- NLOS (Non-Line-of-Sight) Challenges
In the license-exempt and lightly-licensed fixed wireless broadband space, operators must live with the modest power limits set by regulators. Whether in the USA, Canada, are anywhere else, regulatory regions require wireless technology in these frequency bands we are permitted to use to operate at greatly reduced power relative to those operators like mobile carriers who hold expensive licensed bands. The reasons for this go back many years, but the crux of the issue is that these bands were never expected to support commercial broadband plays, but rather were expected to be used by all the common indoor and very close range wireless devices that have become pervasive in our lives today, such as Wi-Fi, baby monitors, garage door openers, etc. The exceptions include 3.x GHz bands, but even these are granted very limited output power for fear of interfering with adjacent license band licensees like satcom companies. Despite this, technologists have been able to make lemonade out of lemons, and now thousands of operators around the world are serving millions of customers around the world – especially in rural areas where choices are few – with community-saving high speed internet. But common technologies like Wi-Fi and its proprietary derivatives can only do so much; Wi-Fi capabilities are modest when it comes to outdoor obstructions like trees. The result is that areas with lovely forests (and even a few trees in a wireless path), while nice to live around have been impossible to service with any kind of broadband speeds today’s streaming users demand. You see (again, this will be remedial for some of you),
wireless signals weaken over distance – a process called “attenuation.” This attenuation occurs in a step-like manner, where enough attenuation means the signal drops to progressively lower and lower levels, with each level down reducing the ability of the signal to deliver less and less speed (megabits). These levels are called “modulations.” Top modulations might be able to deliver 80 megabits or more, but by the time distance and trees continue to attenuate the signal, one might be in a modulation that can only deliver 1 or 2 Mbps, and eventually nothing at all. With trees in the way, low power signals are both scattered (reflection) and absorbed by leaves, modulating the signal down to useless levels. In the wireless business we categorize this sort of radio path obstruction as a foliage-related non-line-of-sight problem (NLOS). Tree-based NLOS is the primary reason keeping most WISPs from being able to connect a majority of the customers in their footprint who want their service; it is a massive business problem, not just a technical one. Those who can beat NLOS — or at least deal with it much more effectively — win in the marketplace.

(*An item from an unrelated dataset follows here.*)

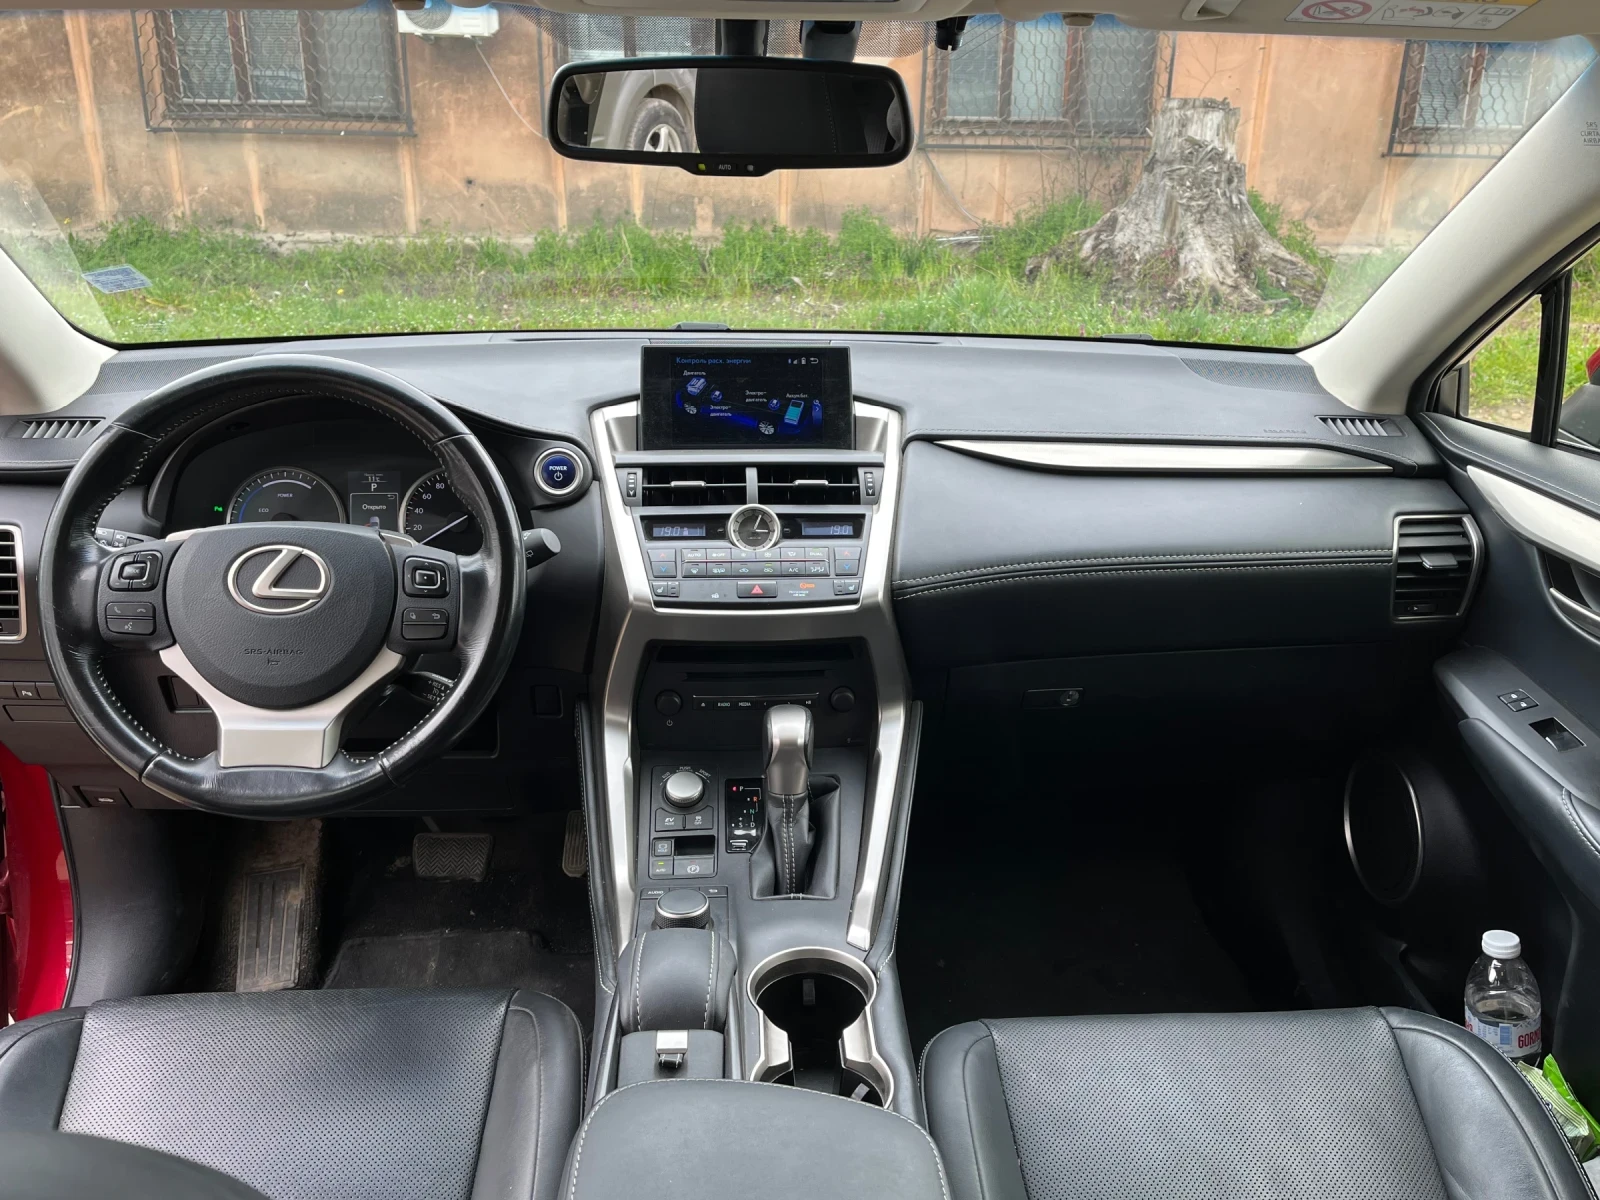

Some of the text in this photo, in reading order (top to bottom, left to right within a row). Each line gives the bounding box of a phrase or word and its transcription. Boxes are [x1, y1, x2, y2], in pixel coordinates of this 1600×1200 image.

In the wireless world we measure these signal levels in decibels (dB). The way the science works, -3 dB attenuation (loss) means you’ve lost half your power. Conversely, +3 dB (gain) means your power is double. And it’s exponential, so a loss of 6 dB is catastrophic in terms of delivering effective high speed internet. To use an analogy, imagine you are driving down the interstate at 80 mph. If you lost half your power (3dB), you are down to running at 40 mph. Lose another 3 dB (or 6 dB total) and now you are down to 20 mph. So in the wireless world, we might say 80 mph is like 80 dB, but 77 dB is like 40 mph and 74 dB is like 20 mph. That’s not going to get you anywhere fast – and your competitor still driving 80 will crush you in the market if your job is to delivers goods down the highway. And guess what? Your job IS to deliver “goods” down the “highway” – broadband down the information superhighway.

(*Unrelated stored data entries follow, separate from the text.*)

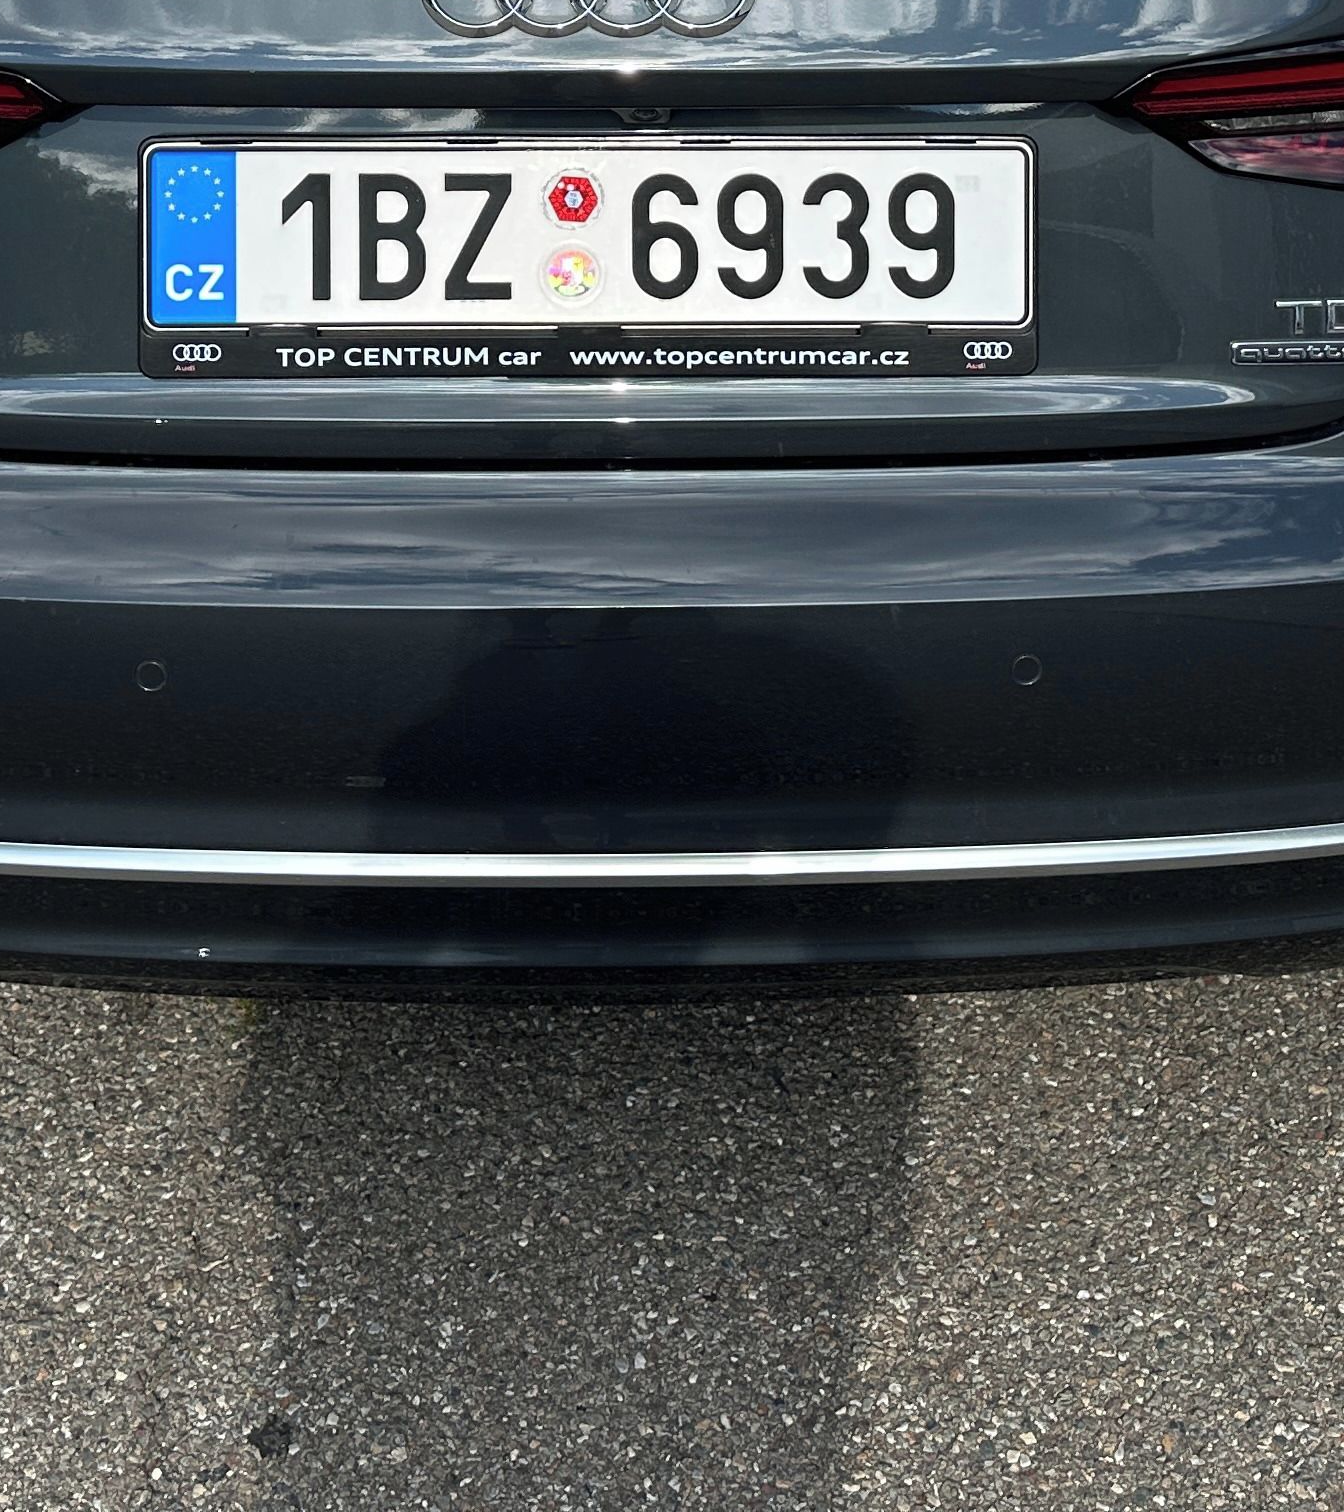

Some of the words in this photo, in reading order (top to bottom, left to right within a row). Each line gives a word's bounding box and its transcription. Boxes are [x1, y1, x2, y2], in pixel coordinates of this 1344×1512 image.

[281, 173, 512, 301] 1BZ
[631, 173, 956, 301] 6939
[165, 264, 224, 301] CZ
[174, 364, 196, 372] Audi
[276, 347, 336, 368] TOP
[343, 346, 489, 367] CENTRUM
[498, 351, 542, 366] car
[569, 347, 910, 370] www.topcentrumcar.cz

This is where LTE comes in. Unlike Wi-Fi, LTE was designed for outdoor wireless, not indoor wireless local networks. As a more advanced technology designed specifically for outdoors, LTE signals are able to hold higher modulation levels in the face of more foliage. LTE also does a better job of collecting all the various reflections off leaves and still making sense of the signal.
LTE does such a better job in fact that it holds about a 7 dB advantage over Wi-Fi on a per modulation basis — remember that’s more than double and double again. With that massive advantage it can easily cope with foliage-based NLOS that will literally render competitive technologies useless, unable to connect. WiFires LTE lets you deliver much higher speeds to your NLOS-impacted customers where your competitors maybe can’t service them at all. This means many more potential customers for every tower you install.
- Standards
The NLOS benefits alone are enough to drive most fixed wireless operators delivering broadband commercially to move to LTE if they deal with foliage-based NLOS, but there is another reason why such users should care a lot about LTE: standards. This is also a reason cities and towns, must care about it. We are all carrying LTE-enabled devices in our purses and pockets. LTE, in just a few short years, has displaced all other old school mobile technologies. When you see that “4G” icon appear on your smart phone, that’s LTE. The mobile operators have invested billions to upgrade their networks to LTE because it gives them much more speed at distances the old 3G methods could deliver. But that’s not the only reason, the global drive for all mobile carriers to use LTE for its technological advantages also means the entire globe is unifying around a single standard. It’s an explosion in innovation. Just consider the amount of Wi-Fi prompted revolutionary innovations for what and how we can connect things inside just over the space of ½ a generation. We can’t imagine living with it, just ask your kids!